What to do when your "seed" is a big ol' stigmatizing red flag

Hi everyone. My name is Amanda, I’m 26 and in my first year of a post-bacc. My undergraduate degree is in english and I’m definitely taking the scenic route to medical school. I’m writing because I’ve seen several videos on what to do when mental health is part of your story. Generally, the videos and podcasts I’ve listened to have responded to students wanting to explain specific periods in their application history that may leave admissions committees questioning “what was going on here?”

The plain and simple reason I want to be a doctor is because I lived with unbearable and undiagnosed bipolar disorder until three or four years ago, and psychiatric intervention quite literally saved my life. That’s it. That’s why I want to be a psychiatrist. I’m not ashamed of my story and am passionate about ending mental health stigma. At the same time, I know anyone reading a personal statement that says what I just wrote is probably going to see “HUGE LIABILITY,” and move on to the next applicant.

High rates of both burn-out, mental illness and suicide are a largely unspoken reality in medical education, training and practice. I understand why an admissions committee would have reservations about admitting a student with a history of mental health challenges. At the same time, my mental health doesn’t define me and there is no evidence in my past academic record to suggests I was struggling so intensely. The only reason I would be inclined to include it in a personal statement is because my past is the reason why I want to be a physician. I don’t know if I’ll feel like I’ve submitted my best application if I “tell a colorful truth” (cough lie about why I want to be a doctor). At the same time, if I do submit a personal statement sharing my story, I’ll wonder if every rejection was because I was honest.

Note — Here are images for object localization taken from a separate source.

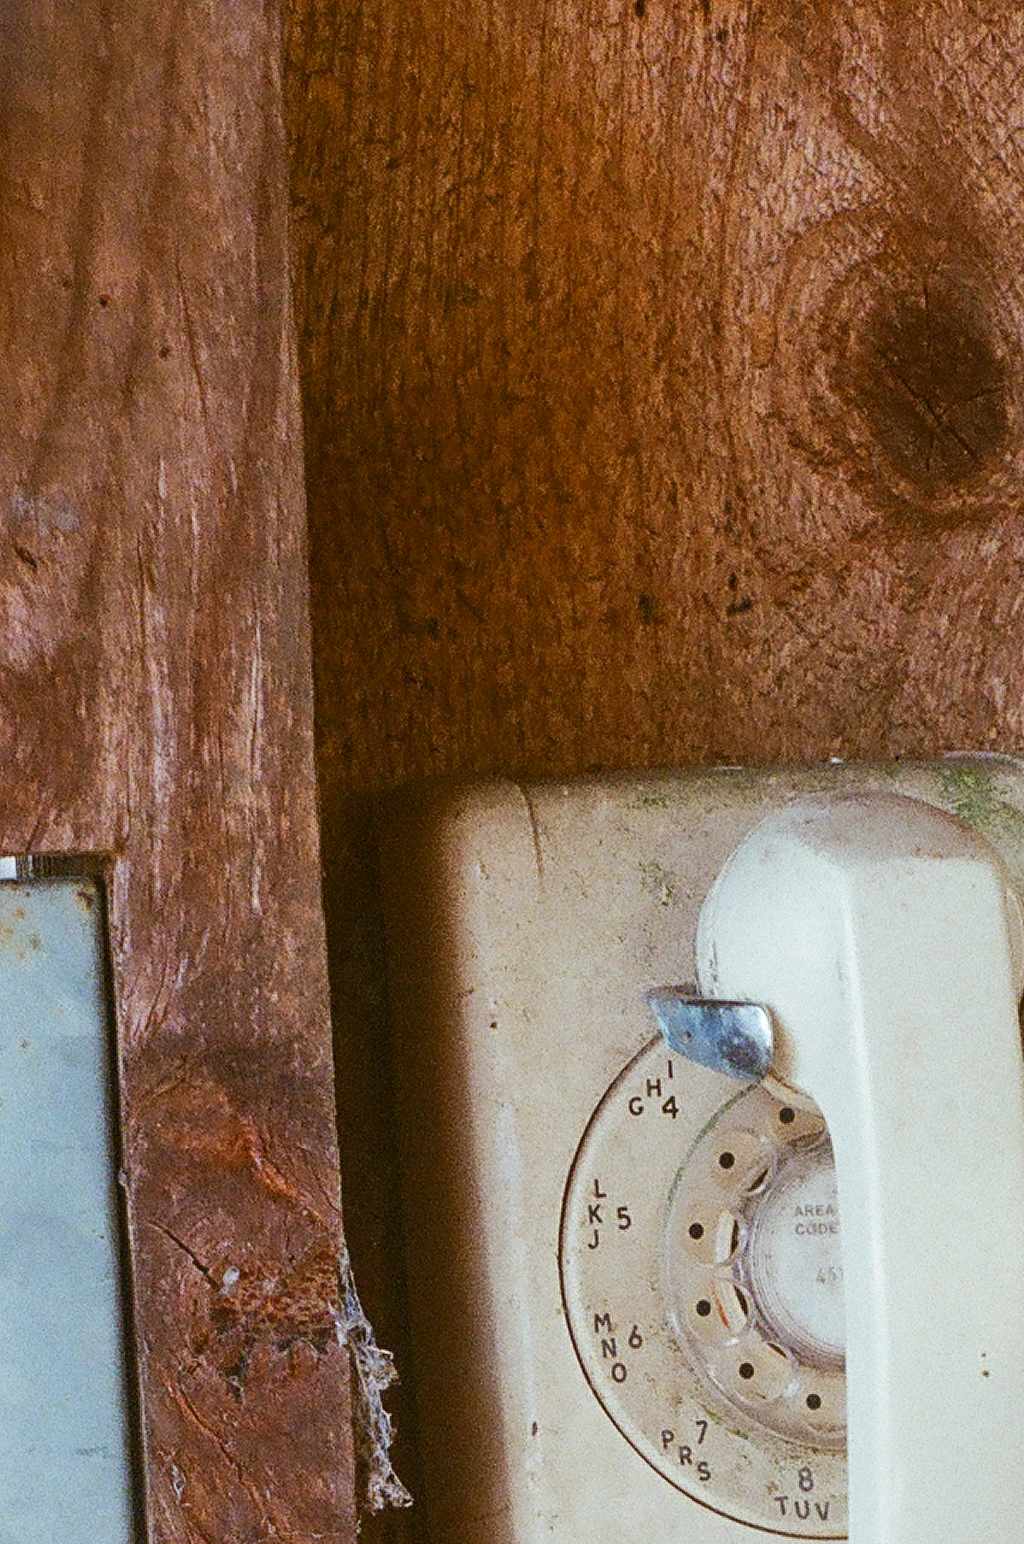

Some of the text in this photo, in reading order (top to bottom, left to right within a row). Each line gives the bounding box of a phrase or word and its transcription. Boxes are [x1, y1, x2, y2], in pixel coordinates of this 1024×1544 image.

[616, 1206, 632, 1230] 5
[793, 1204, 835, 1218] AREA
[794, 1221, 838, 1236] CODE
[628, 1326, 642, 1348] 6
[695, 1419, 708, 1445] 7
[799, 1467, 814, 1493] 8

If all else fails, I can fall back on the timeless classic: I love science and want to help people.

Thanks for all you do,


Hey Amanda!

Sorry if this reply is a little late to help, but I happened to stumble across your post and hope that you (and anyone else reading it) finds it useful.

In my opinion, your Bipolar diagnosis (and the stigma you mention) is not the main question I see popping out. Rather, the question I have after reading your post is “Why medicine?” I currently work as a counselor and as part of my job am able to help people with mental illnesses (including Bipolar) everyday. I too love science and helping people. And, many mental health workers (myself included) have cited personal struggles with mental illness as the reason they became an LCSW, LMFT, LPC, QMHP, Psychologist (Ph.D/Psy.D), etc. So, while I recognize your concern around the stigma you may encounter, this is not the main concern I see. The main question I have is again, “why become a doctor, as opposed to a mental health worker?”

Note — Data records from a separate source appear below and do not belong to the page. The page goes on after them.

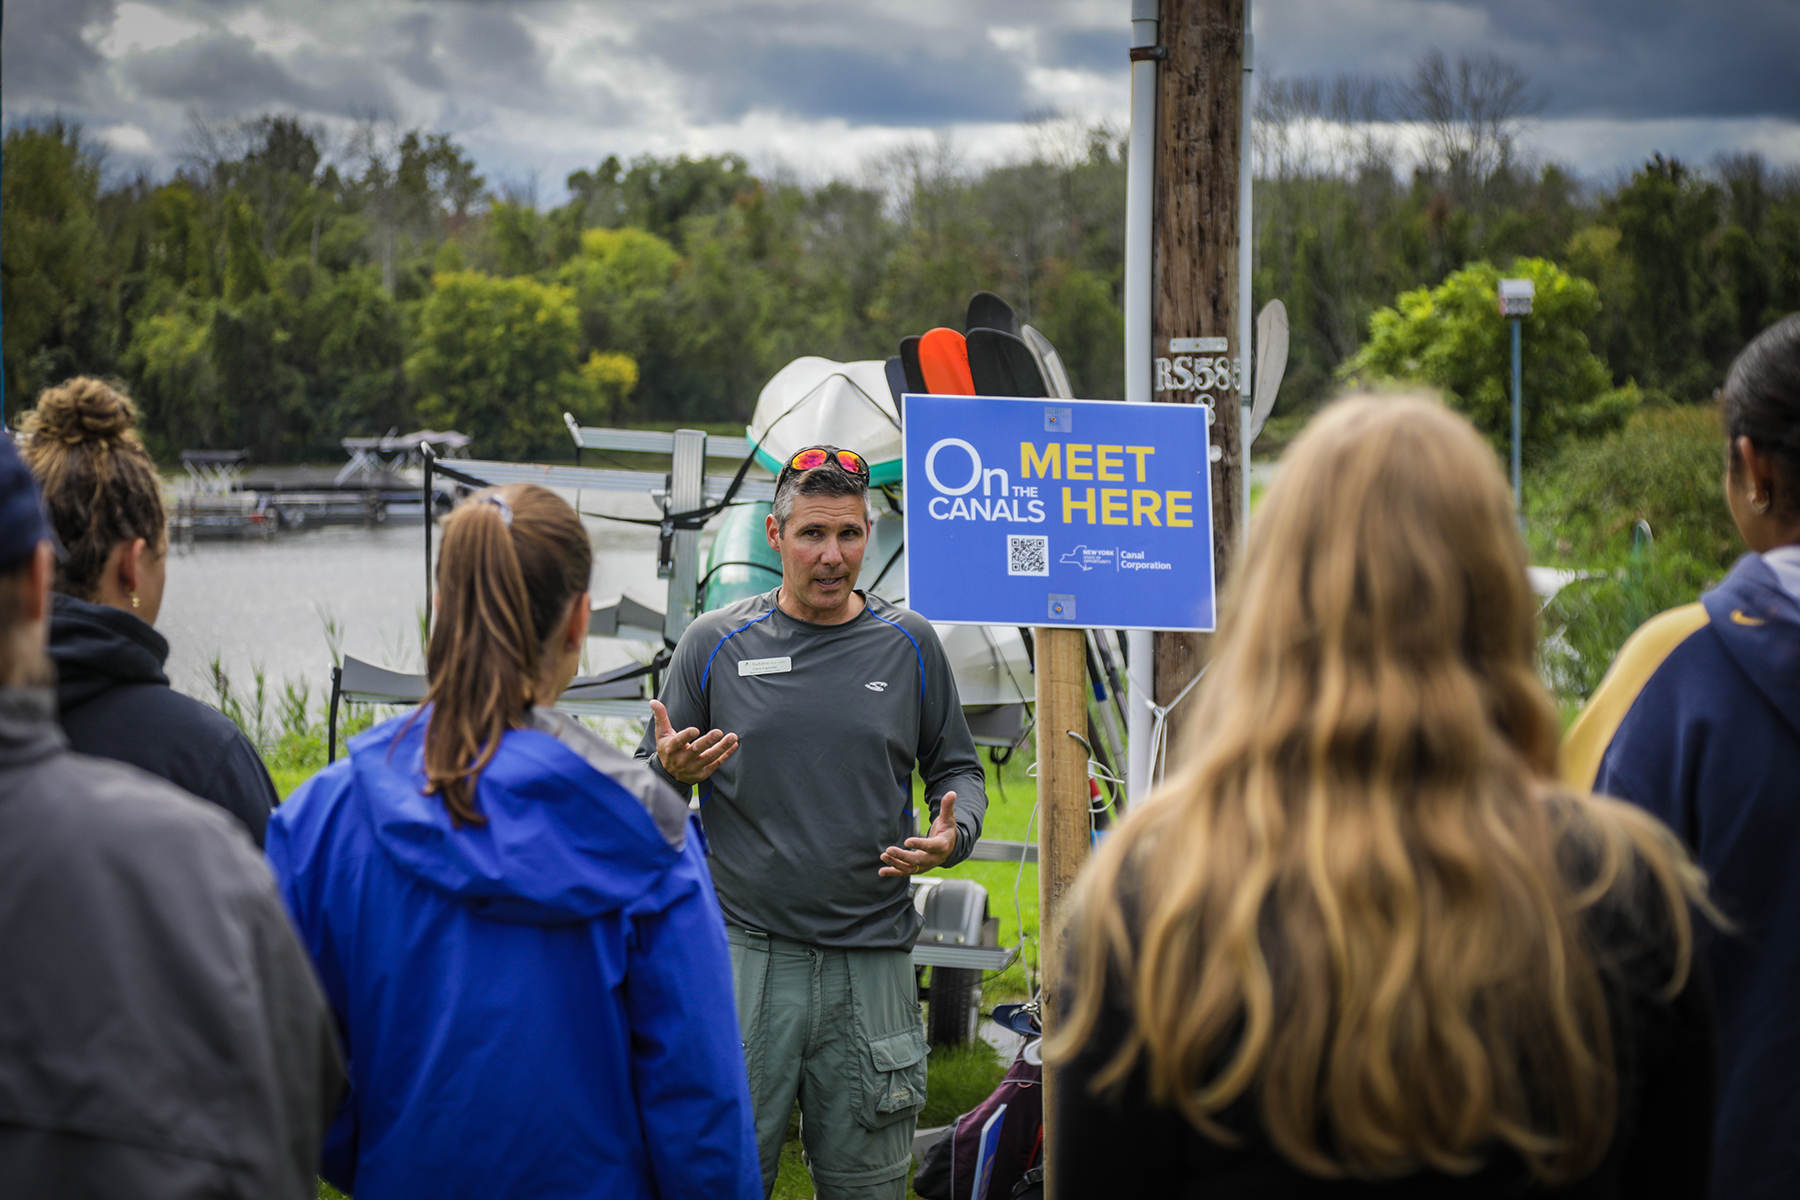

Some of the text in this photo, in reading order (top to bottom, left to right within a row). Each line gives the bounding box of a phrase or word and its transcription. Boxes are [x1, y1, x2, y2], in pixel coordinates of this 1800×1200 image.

[925, 438, 1038, 497] On THE
[1020, 442, 1155, 482] MEET
[928, 496, 1046, 523] CANALS
[1062, 487, 1193, 527] HERE
[1121, 551, 1144, 559] Canal
[1121, 561, 1171, 571] Corporation

Concerning your comment about telling “a colorful truth,” I don’t think that this is the way to go. I think that (if nothing else) you need to be true to yourself… and I also feel like Ad Comms can tell when someone is BSing them. So, if your struggles with Bipolar are important to why you became interested in medicine, then talk about them. But, I wouldn’t stop there. Do some self-reflection and identify how you have also discovered an interest in the type of work that doctors do, compared to other kinds of providers.

If it helps kick start your reflection process, I generally think of my story like this… I’ve always loved science, wanted to help people, and enjoyed the clinical setting. Because of my past struggles with mental health concerns I initially pursued an M.A. in Clinical Psychology and became a counselor. But, that “itch” to do more for my clients gnawed at me from the beginning and never really went away. Framing it from the perspective of Maslow’s Hierarchy, as a counselor I help people with ‘higher-level’ psychological needs, but I am not trained (and therefore not legally or ethically allowed) to address their more foundational (physiological) needs. The connection between mental health and physical health is immense (and in my opinion too often segregated). I want to be able to treat my clients/patients as whole individuals, not be forced to focus only on one (albeit important) aspect of their experience. And I feel that the best way for me to do this is by becoming a doctor.

All of that being said, and regardless of how you chose to move forward, I wish you the best of luck.


I’ve thought about this too. My seed is losing my work partner/best friend to suicide at the beginning of the year and my personal struggles with the aftermath. He was physically injured at the Capitol riot and committed suicide the day after he was medically cleared to return to work. There’s other reasons like I no longer feel a sense of fulfillment with my current career, but the main reason is feeling like I couldn’t do anything to help him.

So now my focus is to become a psychiatrist and work specifically with first responders. I agree with the previous comment by @DWallner. I’ll probably be asked why medicine and not psychology. My response would be that as a physician, I would be better able to address other physiological needs that may arise during clinical work with a mental health patient.

Good luck!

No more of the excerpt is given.